**PROBLEM DESCRIPTION:**
Would you return the data exactly as given, except for its pictures?

[Referring expression grounding data]
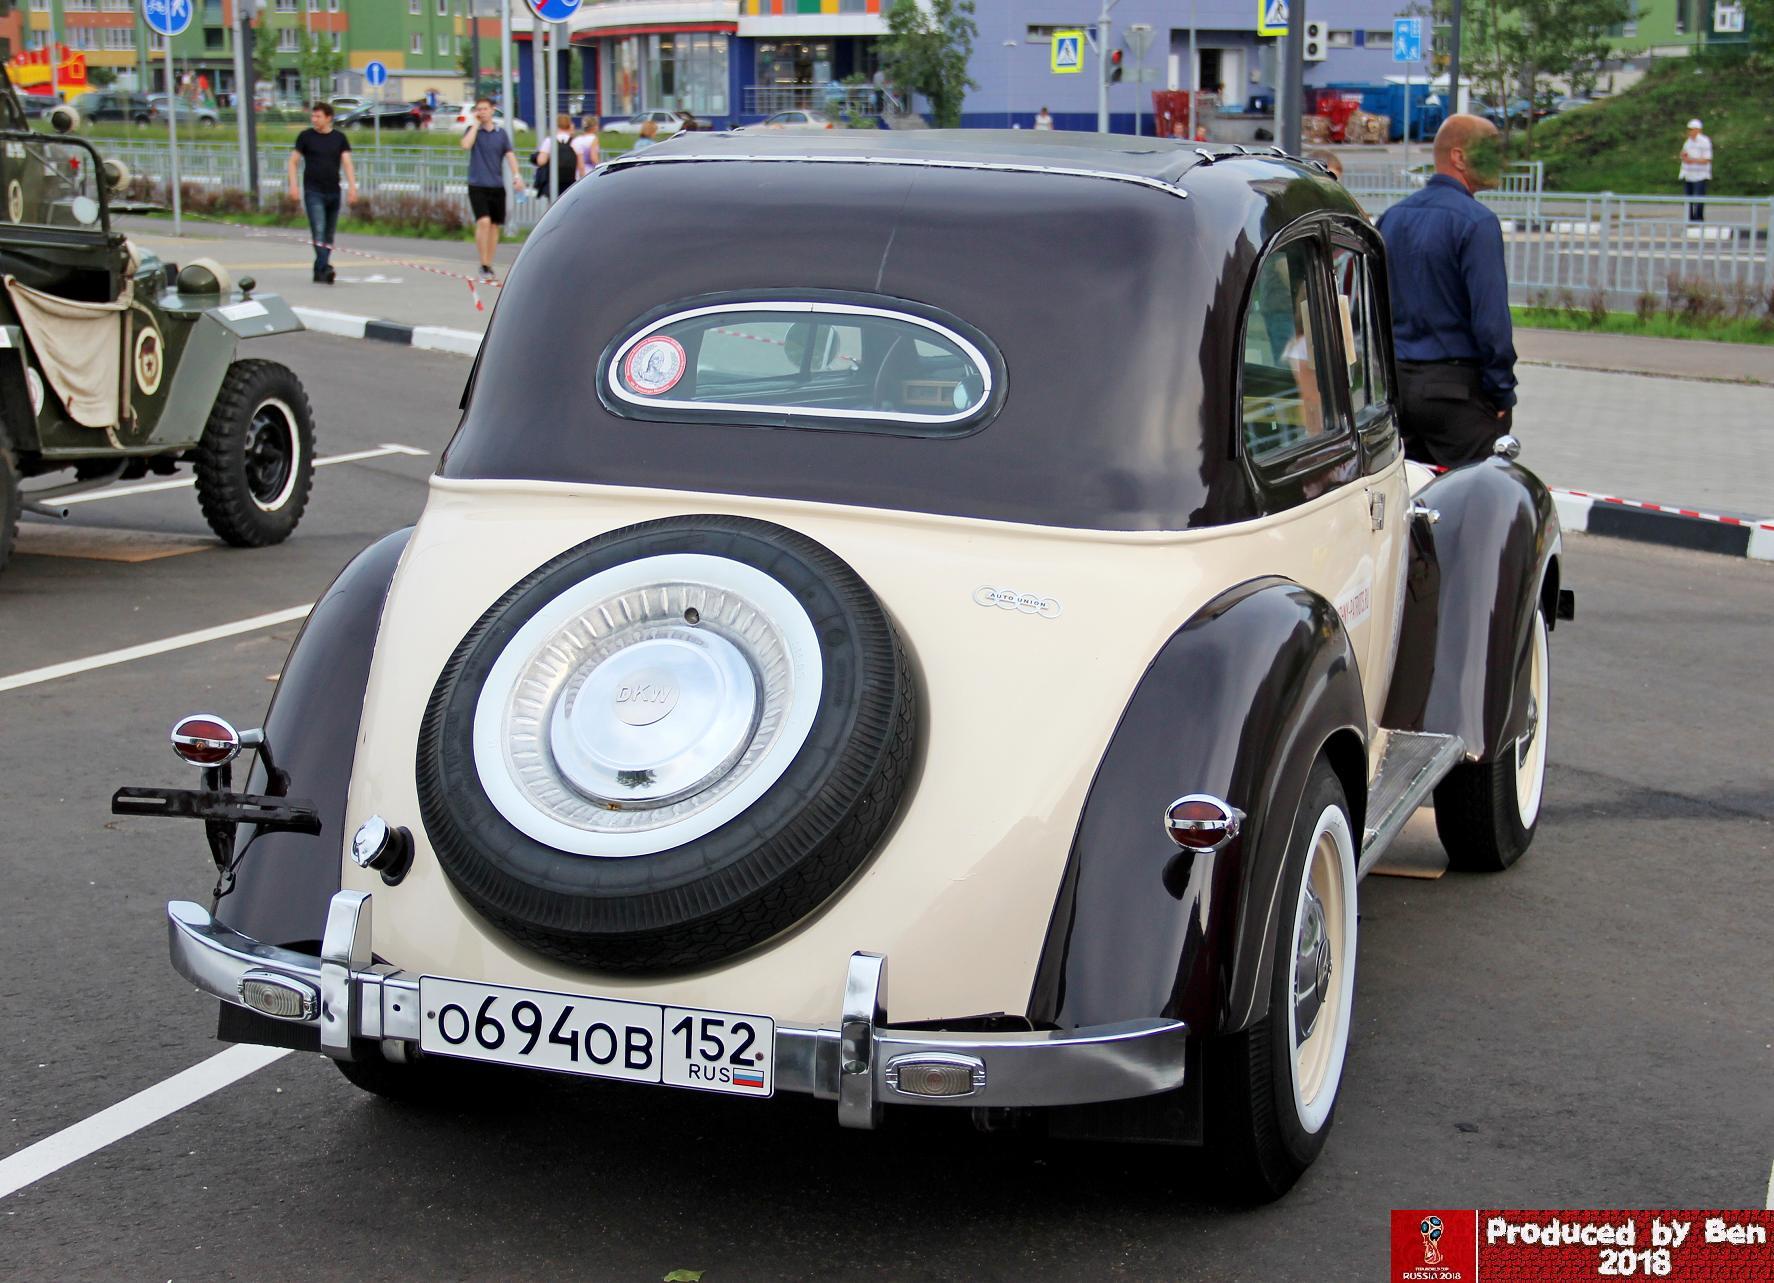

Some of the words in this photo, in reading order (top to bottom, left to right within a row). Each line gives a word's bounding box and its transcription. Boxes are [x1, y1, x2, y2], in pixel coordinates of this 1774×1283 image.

[990, 592, 1014, 601] AUTO
[1017, 597, 1046, 607] UNION
[616, 685, 673, 704] DKW
[671, 1015, 757, 1067] 152
[688, 1063, 731, 1083] RUS
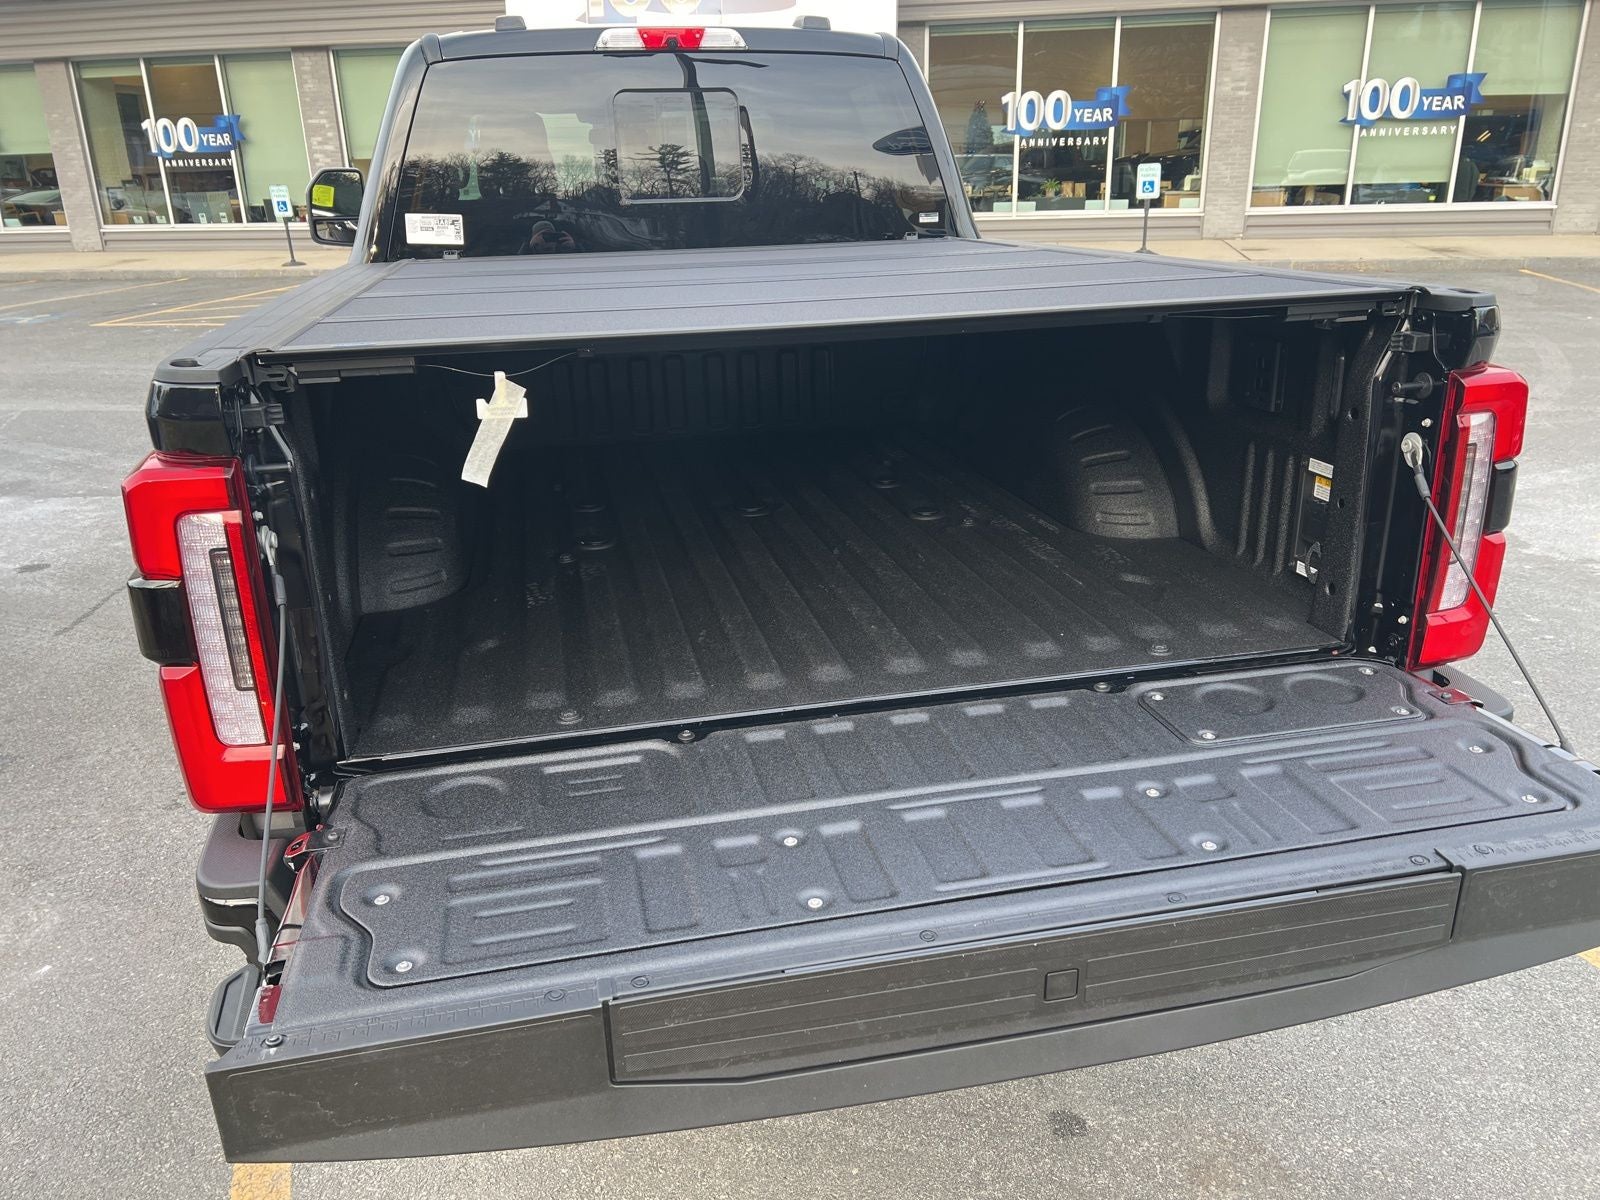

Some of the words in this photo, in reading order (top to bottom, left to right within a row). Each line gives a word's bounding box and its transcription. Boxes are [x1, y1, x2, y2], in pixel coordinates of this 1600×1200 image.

[1001, 90, 1072, 131] 100
[1073, 108, 1113, 122] YEAR
[1343, 77, 1420, 120] 100
[1422, 95, 1465, 111] YEAR
[141, 117, 199, 153] 100
[200, 133, 232, 147] YEAR
[1020, 136, 1108, 147] ANNIVERSARY
[1360, 125, 1457, 137] ANNIVERSARY
[165, 158, 232, 167] ANNIVERSARY

**YOUR SOLUTION:**
Some of the words in this photo, in reading order (top to bottom, left to right within a row). Each line gives a word's bounding box and its transcription. Boxes are [x1, y1, x2, y2], in pixel coordinates of this 1774×1283 image.

[990, 592, 1014, 601] AUTO
[1017, 597, 1046, 607] UNION
[616, 685, 673, 704] DKW
[671, 1015, 757, 1067] 152
[688, 1063, 731, 1083] RUS

Some of the words in this photo, in reading order (top to bottom, left to right within a row). Each line gives a word's bounding box and its transcription. Boxes are [x1, y1, x2, y2], in pixel coordinates of this 1600×1200 image.

[1001, 90, 1072, 131] 100
[1073, 108, 1113, 122] YEAR
[1343, 77, 1420, 120] 100
[1422, 95, 1465, 111] YEAR
[141, 117, 199, 153] 100
[200, 133, 232, 147] YEAR
[1020, 136, 1108, 147] ANNIVERSARY
[1360, 125, 1457, 137] ANNIVERSARY
[165, 158, 232, 167] ANNIVERSARY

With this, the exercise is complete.